**Task objective:** A word-for-word reproduction of the data below is needed, with no pictures in it.

Saved data entries:
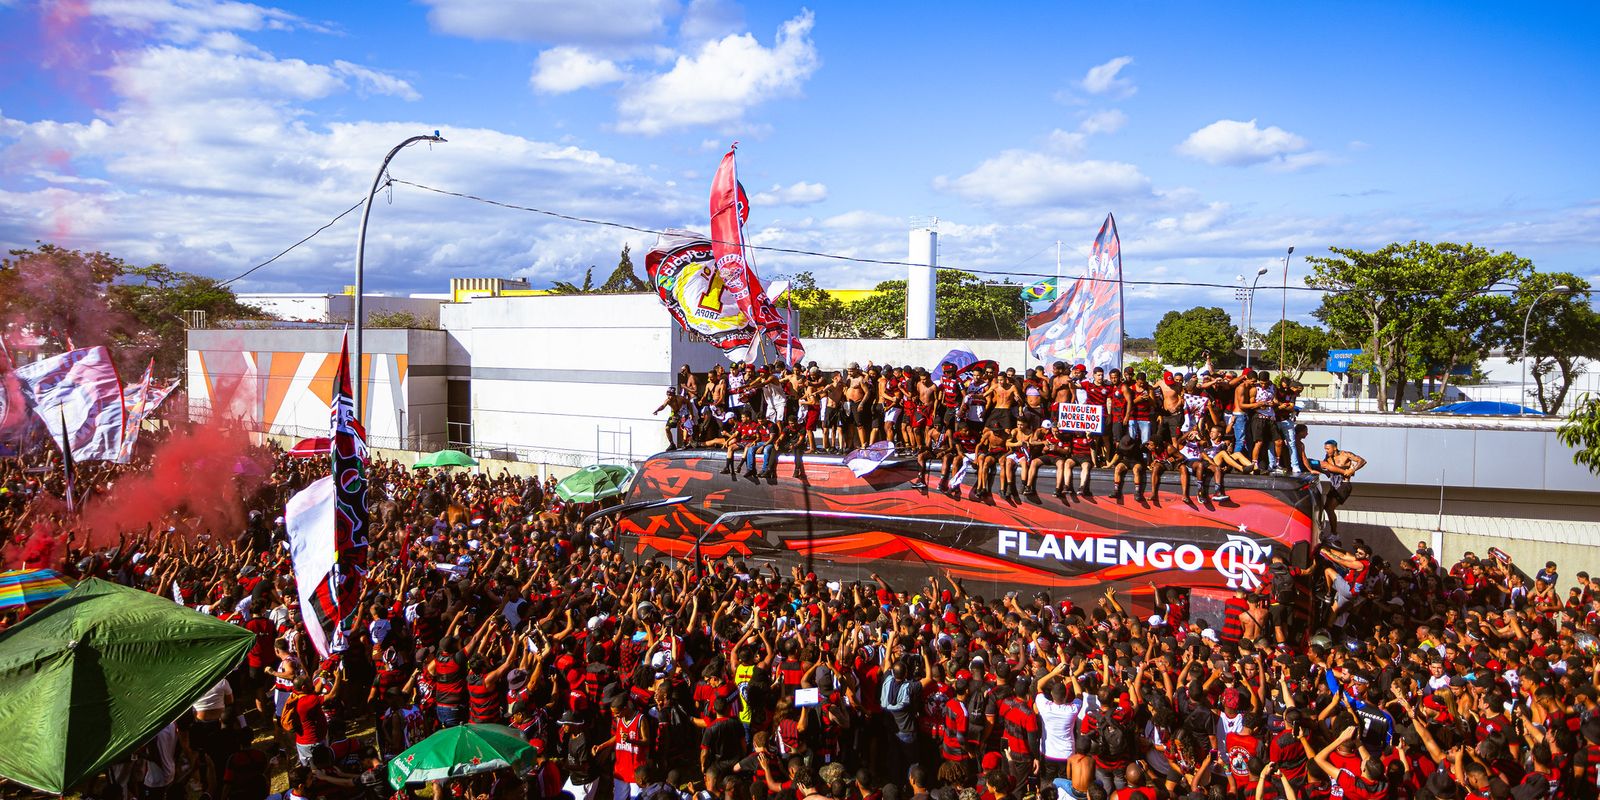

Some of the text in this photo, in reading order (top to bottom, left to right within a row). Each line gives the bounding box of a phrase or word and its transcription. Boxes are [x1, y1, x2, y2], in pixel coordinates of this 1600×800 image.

[1061, 412, 1100, 422] MORRE NOS
[1062, 420, 1099, 431] DEVENDO!
[998, 530, 1204, 571] FLAMENGO
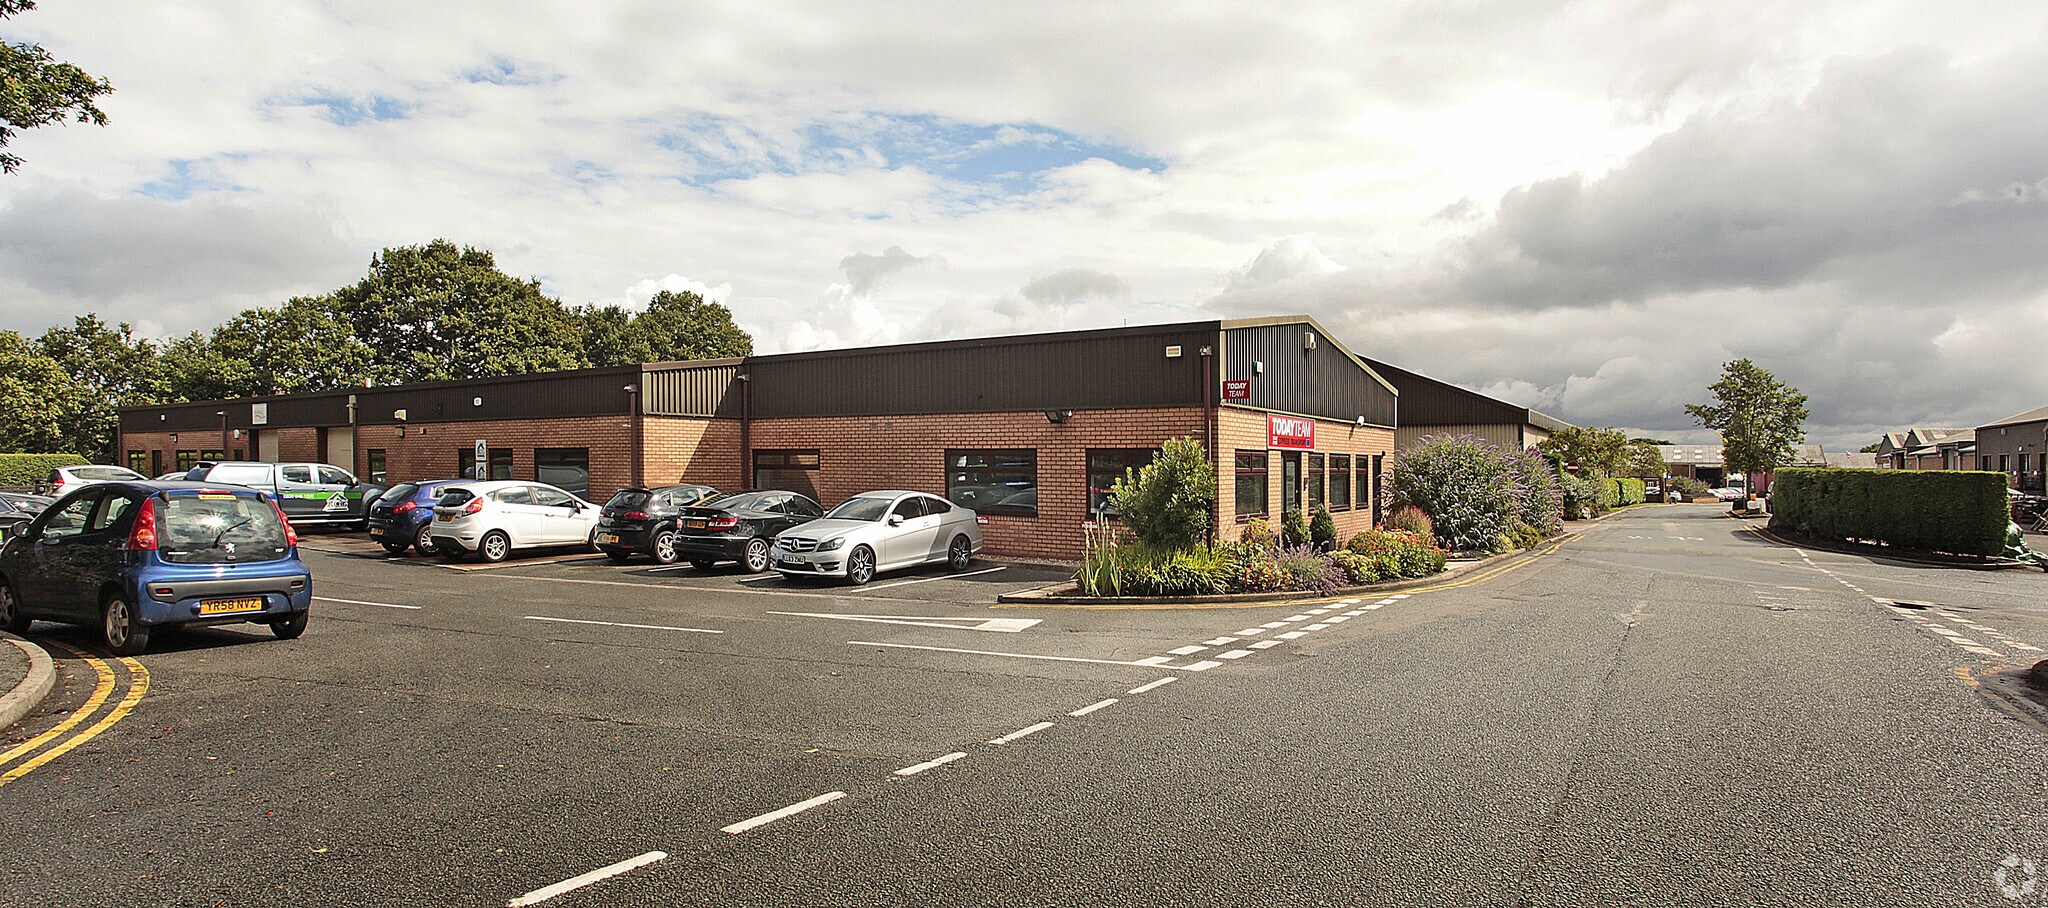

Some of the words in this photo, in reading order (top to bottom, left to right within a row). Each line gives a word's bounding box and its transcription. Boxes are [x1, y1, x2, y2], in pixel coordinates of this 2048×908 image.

[1229, 390, 1245, 398] TEAM
[207, 600, 235, 611] YR58
[237, 599, 257, 609] NVZ

**Output for this exercise:**
Some of the text in this photo, in reading order (top to bottom, left to right within a row). Each line gives the bounding box of a phrase or word and its transcription. Boxes are [x1, y1, x2, y2], in pixel coordinates of this 1600×800 image.

[1061, 412, 1100, 422] MORRE NOS
[1062, 420, 1099, 431] DEVENDO!
[998, 530, 1204, 571] FLAMENGO

Some of the words in this photo, in reading order (top to bottom, left to right within a row). Each line gives a word's bounding box and its transcription. Boxes are [x1, y1, x2, y2], in pixel coordinates of this 2048×908 image.

[1229, 390, 1245, 398] TEAM
[207, 600, 235, 611] YR58
[237, 599, 257, 609] NVZ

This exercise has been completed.